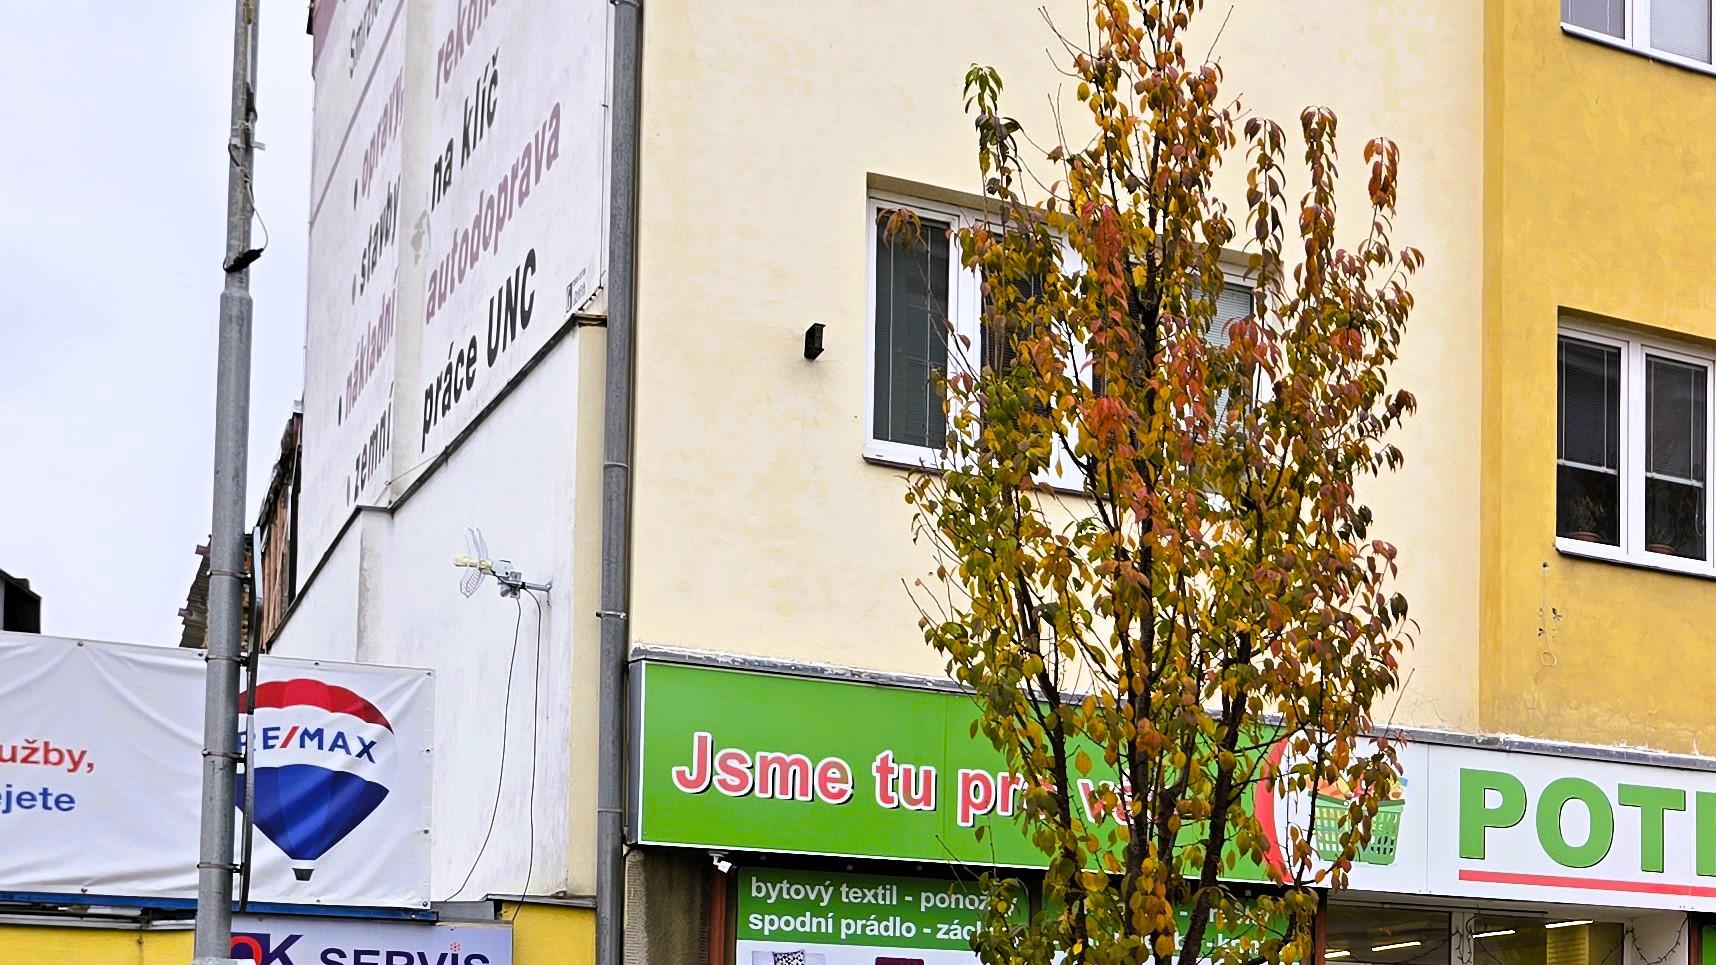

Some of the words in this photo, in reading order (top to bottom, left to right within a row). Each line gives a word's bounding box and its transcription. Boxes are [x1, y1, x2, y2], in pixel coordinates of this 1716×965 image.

[435, 0, 498, 100] rekon
[360, 173, 400, 297] stavby
[431, 137, 454, 213] na
[460, 46, 500, 170] klíč
[426, 102, 561, 325] autodoprava
[353, 381, 394, 503] zemní
[420, 334, 477, 453] práce
[486, 248, 537, 368] UNC
[0, 784, 76, 814] jete
[672, 732, 853, 804] Jsme
[872, 749, 938, 811] tu
[749, 912, 833, 935] spodní
[840, 915, 916, 938] prádlo
[751, 876, 834, 906] bytový
[840, 882, 897, 905] textil
[920, 889, 1018, 917] ponožy
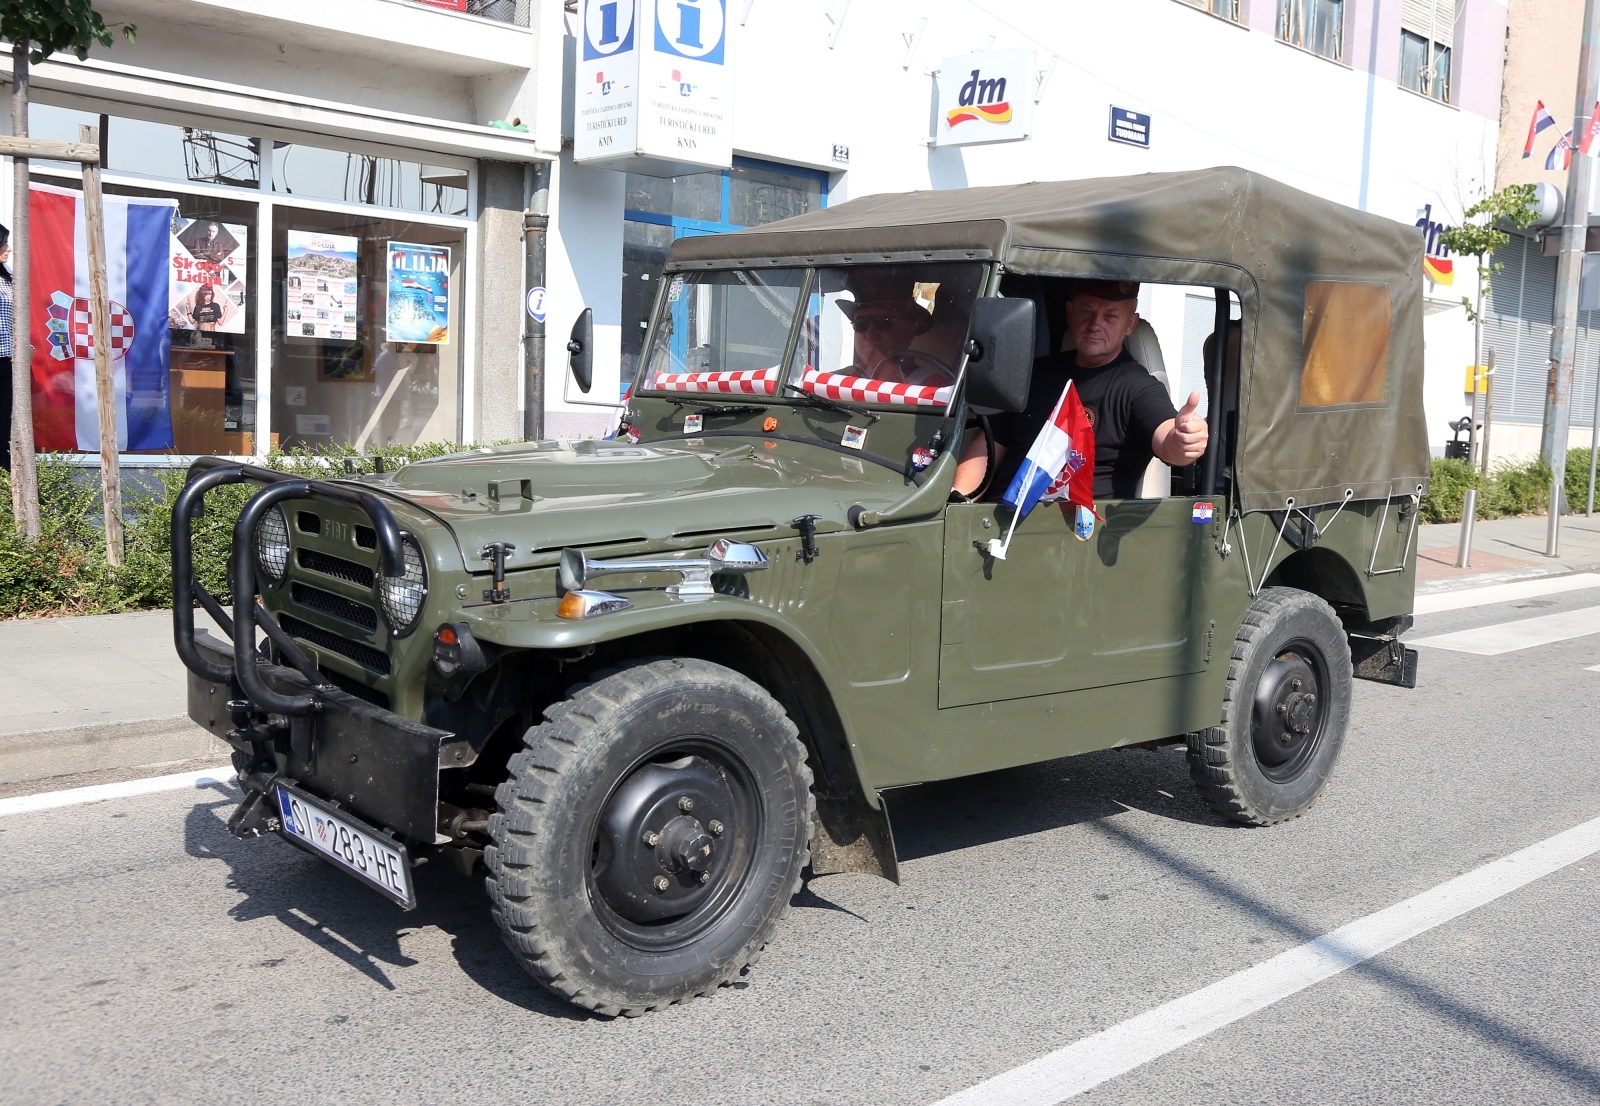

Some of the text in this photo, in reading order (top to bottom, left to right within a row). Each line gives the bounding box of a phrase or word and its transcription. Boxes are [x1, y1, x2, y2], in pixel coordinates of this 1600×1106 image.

[958, 69, 1007, 107] dm
[659, 116, 697, 132] TURISTIČKI
[598, 135, 614, 148] KNIN
[677, 136, 698, 149] KNIN
[834, 145, 848, 158] 22
[172, 252, 223, 273] Škoro
[176, 269, 223, 288] Lidija
[325, 519, 348, 542] FIAT
[291, 799, 403, 893] SI 283-HE

■ Exercise ■
All of the data is to be transcribed exactly, with images omitted.

■ Response to the exercise ■
Some of the words in this photo, in reading order (top to bottom, left to right within a row). Each line gives a word's bounding box and its transcription. Boxes are [x1, y1, x2, y2], in pixel coordinates of this 1716×965 image.

[435, 0, 498, 100] rekon
[360, 173, 400, 297] stavby
[431, 137, 454, 213] na
[460, 46, 500, 170] klíč
[426, 102, 561, 325] autodoprava
[353, 381, 394, 503] zemní
[420, 334, 477, 453] práce
[486, 248, 537, 368] UNC
[0, 784, 76, 814] jete
[672, 732, 853, 804] Jsme
[872, 749, 938, 811] tu
[749, 912, 833, 935] spodní
[840, 915, 916, 938] prádlo
[751, 876, 834, 906] bytový
[840, 882, 897, 905] textil
[920, 889, 1018, 917] ponožy

Some of the text in this photo, in reading order (top to bottom, left to right within a row). Each line gives the bounding box of a phrase or word and its transcription. Boxes are [x1, y1, x2, y2], in pixel coordinates of this 1600×1106 image.

[958, 69, 1007, 107] dm
[659, 116, 697, 132] TURISTIČKI
[598, 135, 614, 148] KNIN
[677, 136, 698, 149] KNIN
[834, 145, 848, 158] 22
[172, 252, 223, 273] Škoro
[176, 269, 223, 288] Lidija
[325, 519, 348, 542] FIAT
[291, 799, 403, 893] SI 283-HE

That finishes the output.